- _WHAT IS EXPECTED_: Set down the data below word for word, and leave the images aside.

- _PROVIDED DATA_:
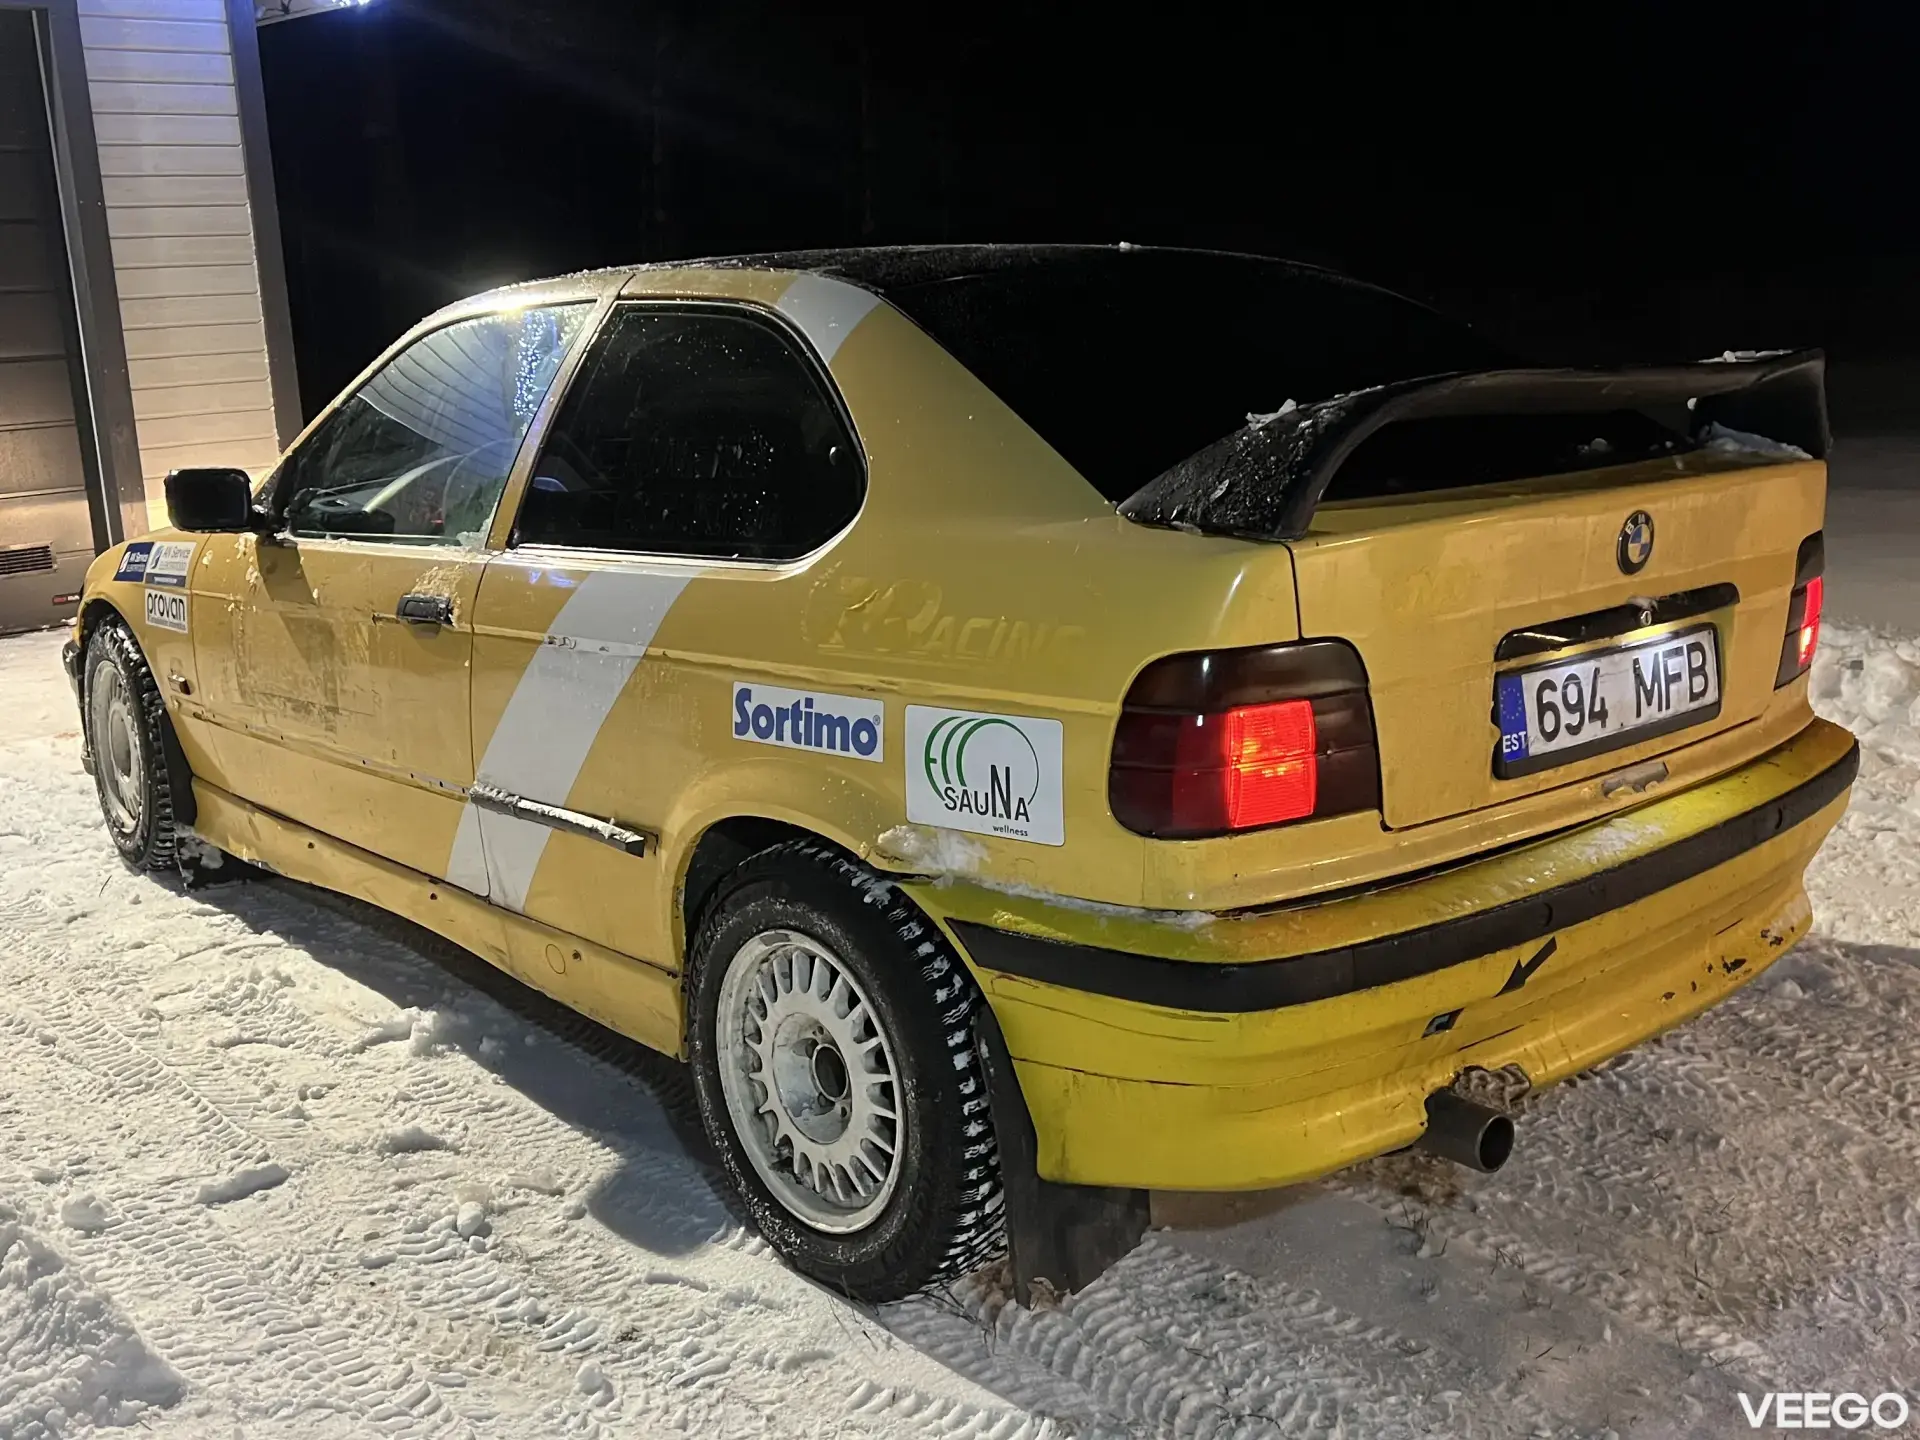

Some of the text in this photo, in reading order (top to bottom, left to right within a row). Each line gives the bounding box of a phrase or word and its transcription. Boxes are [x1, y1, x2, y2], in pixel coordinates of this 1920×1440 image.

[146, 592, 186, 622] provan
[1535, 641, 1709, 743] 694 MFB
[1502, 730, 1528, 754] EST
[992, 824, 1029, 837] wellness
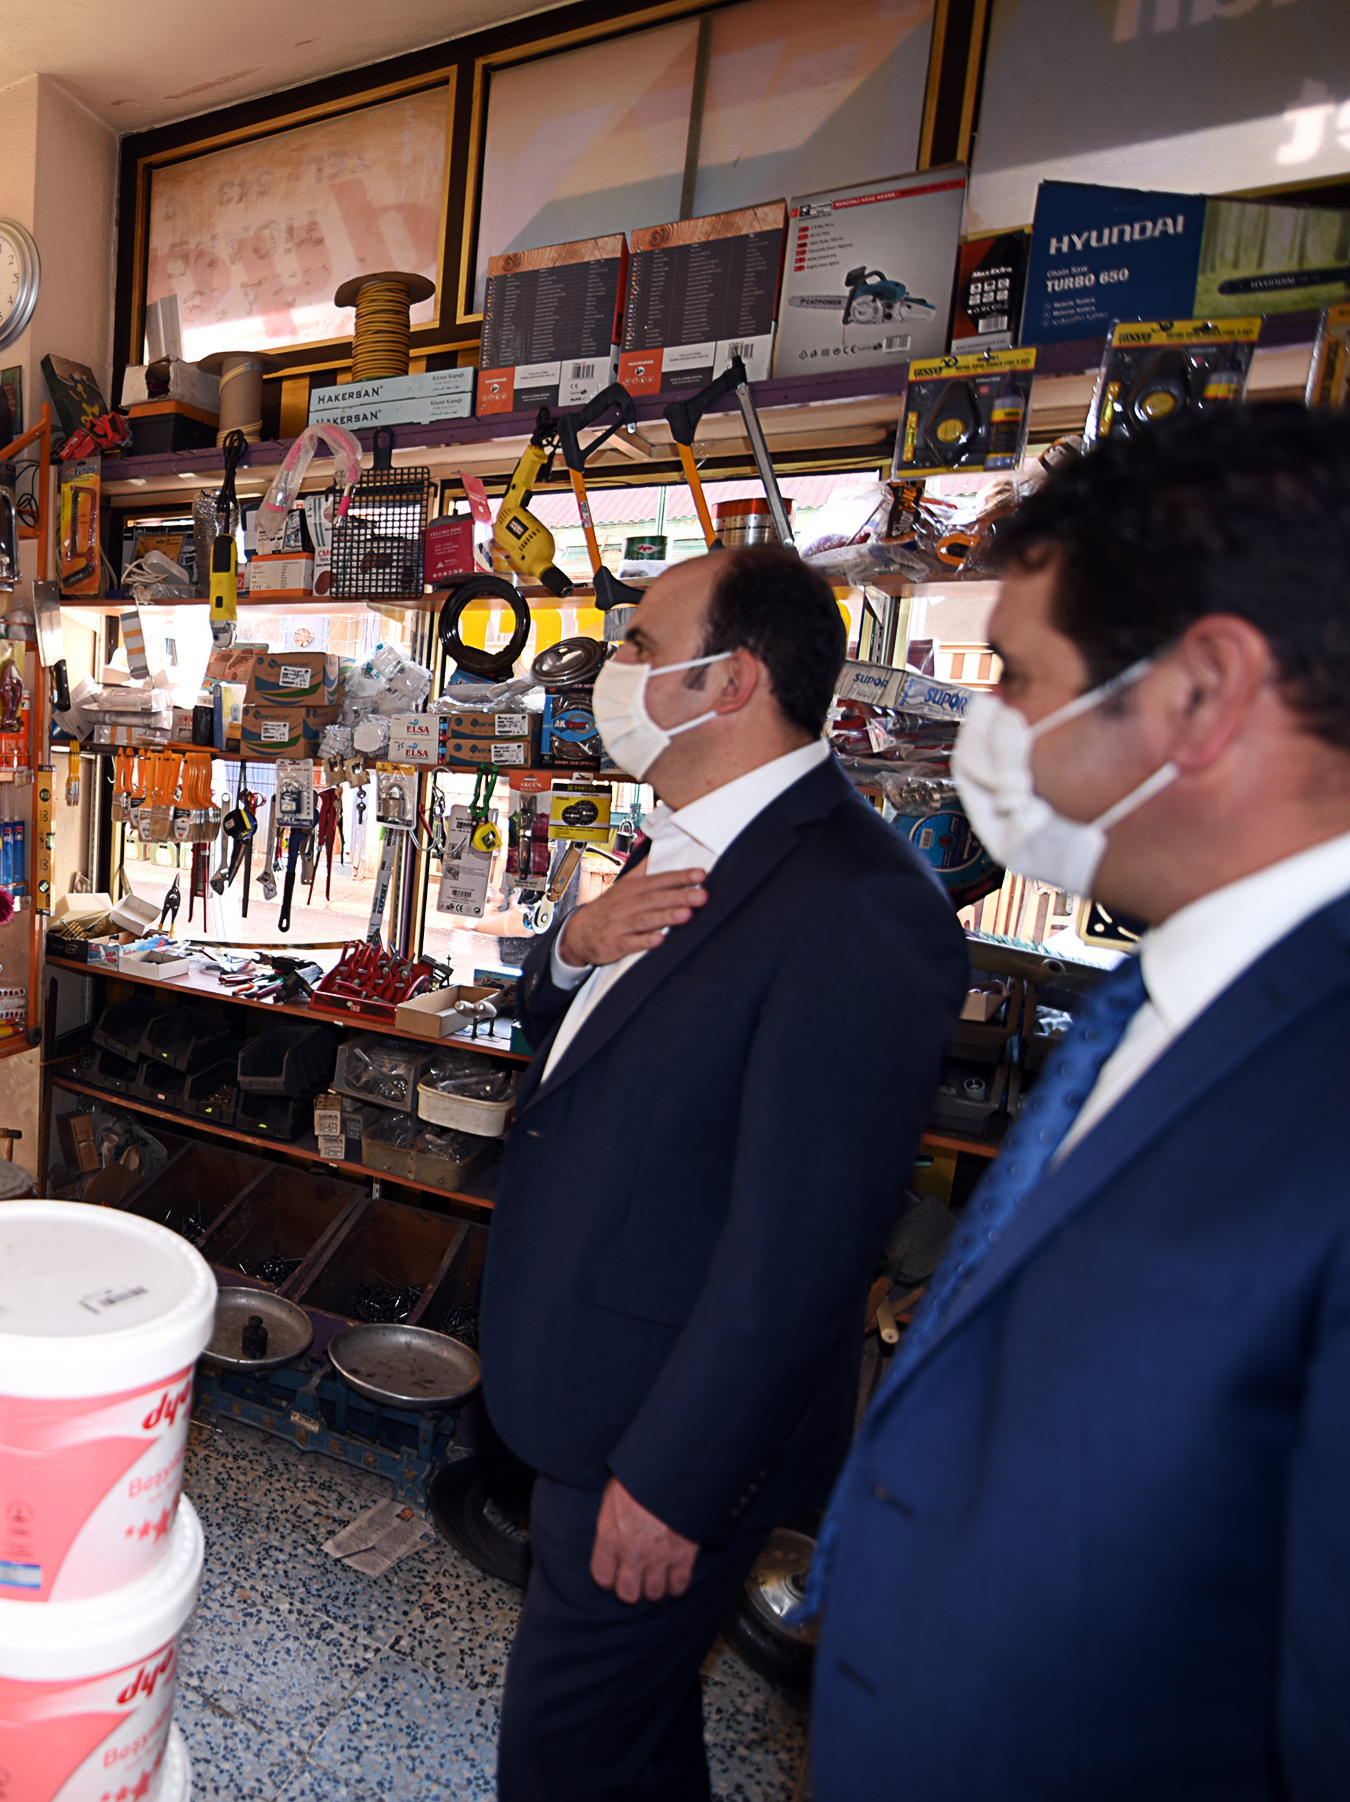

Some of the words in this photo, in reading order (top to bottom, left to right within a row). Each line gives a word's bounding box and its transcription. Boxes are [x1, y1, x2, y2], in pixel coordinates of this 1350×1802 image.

- _WRITTEN SOLUTION_:
Some of the text in this photo, in reading order (top to bottom, left to right within a row). Each line gives the bounding box of a phrase or word and its transcription. Boxes are [x1, y1, x2, y2], in pixel coordinates of this 1920×1440 image.

[146, 592, 186, 622] provan
[1535, 641, 1709, 743] 694 MFB
[1502, 730, 1528, 754] EST
[992, 824, 1029, 837] wellness

Some of the words in this photo, in reading order (top to bottom, left to right within a row). Each line gives a word's bounding box and its transcription. Boxes are [x1, y1, x2, y2], in pixel coordinates of this 1350×1802 image.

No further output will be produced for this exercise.